The newsletter, which Ms. Lyon edited from its inception in 1956, grew into one of the first lesbian magazines in the country. It published until the group disbanded in the 1970s.

Ms. Lyon and Ms. Martin also co-wrote two books: “Lesbian/Woman” (1972), which won a Stonewall Book Award, and “Lesbian Love and Liberation” (1973).

“There really weren’t any books,” about lesbians when she was growing up, Ms. Lyon said in a 1992 interview with Terry Gross. “And then there was nothing that was any good in the libraries in those early days.”

Throughout their 55-year relationship, Ms. Lyon and Ms. Martin were politically engaged. They were among the first lesbians to join the National Organization for Women, and Ms. Martin was later elected to its board of directors. The couple also helped form the Council on Religion and the Homosexual to persuade ministers to accept lesbians and gay men into churches.

On the local level, they were members of the Alice B. Toklas Democratic Club, San Francisco’s first gay political organization, which influenced then-Mayor Dianne Feinstein to sponsor a bill to ban employment discrimination based on sexual orientation. In 1979, local activists established the Lyon-Martin Health Services, a health care provider, in San Francisco, which still operates.

“We were trying to help lesbians find themselves,” Ms. Lyon said in a 1989 interview. “I mean, you can’t have a movement if you don’t have people that see that they’re worthwhile.”

Along with her sister, Ms.
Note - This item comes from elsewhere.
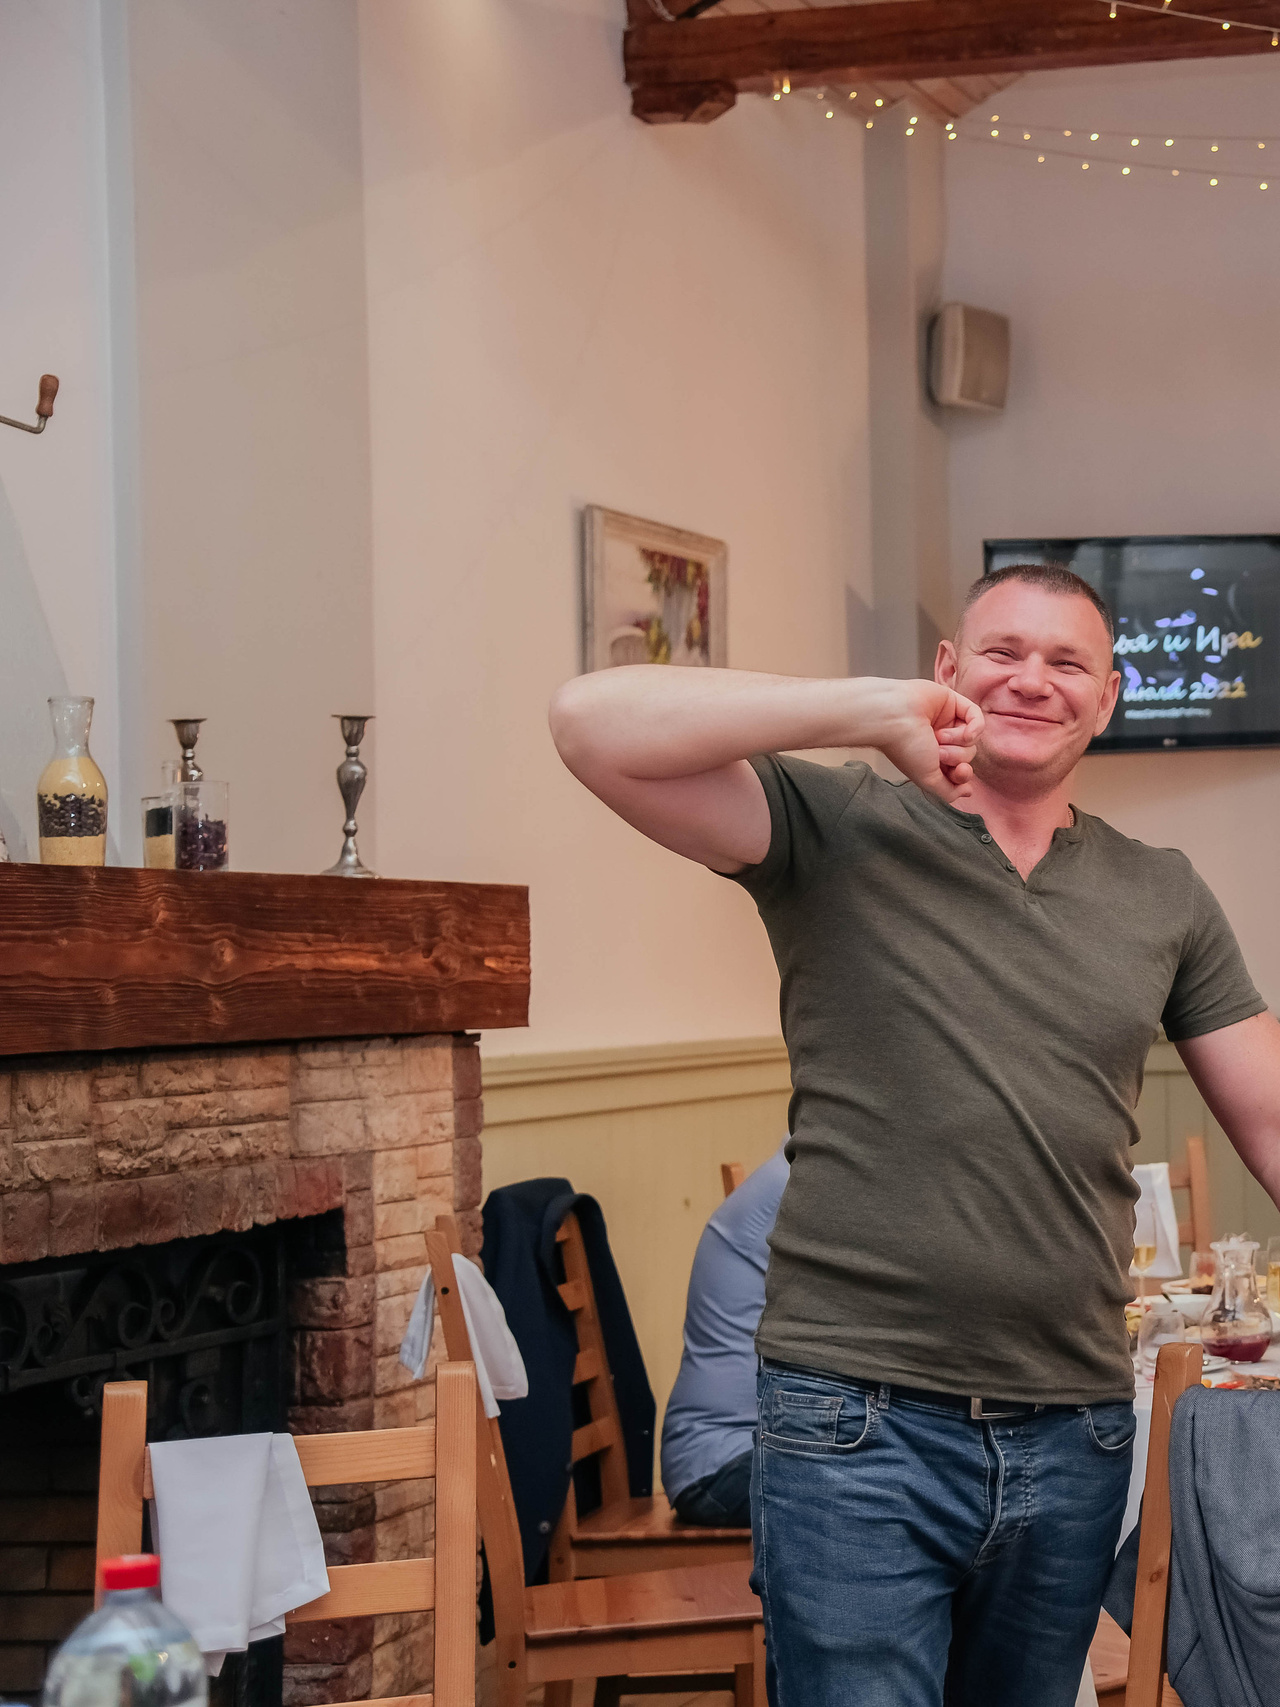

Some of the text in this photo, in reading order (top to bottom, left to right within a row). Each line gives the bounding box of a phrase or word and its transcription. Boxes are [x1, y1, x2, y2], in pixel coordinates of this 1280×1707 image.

[1163, 634, 1191, 653] и
[1196, 625, 1263, 657] Ира
[1189, 681, 1247, 701] 2022
Lyon is survived by a daughter, Kendra Mon; two grandchildren; and one great-granddaughter.

Even after Ms. Martin’s death, Ms. Lyon continued advocating for lesbian rights.

“If you got stuff you want to change, you have to get out and work on it,” Ms. Lyon said in a 2017 interview with the Bay Area Reporter. “You can’t just sit around and say, ‘I wish this or that was different.’ You have to fight for it.”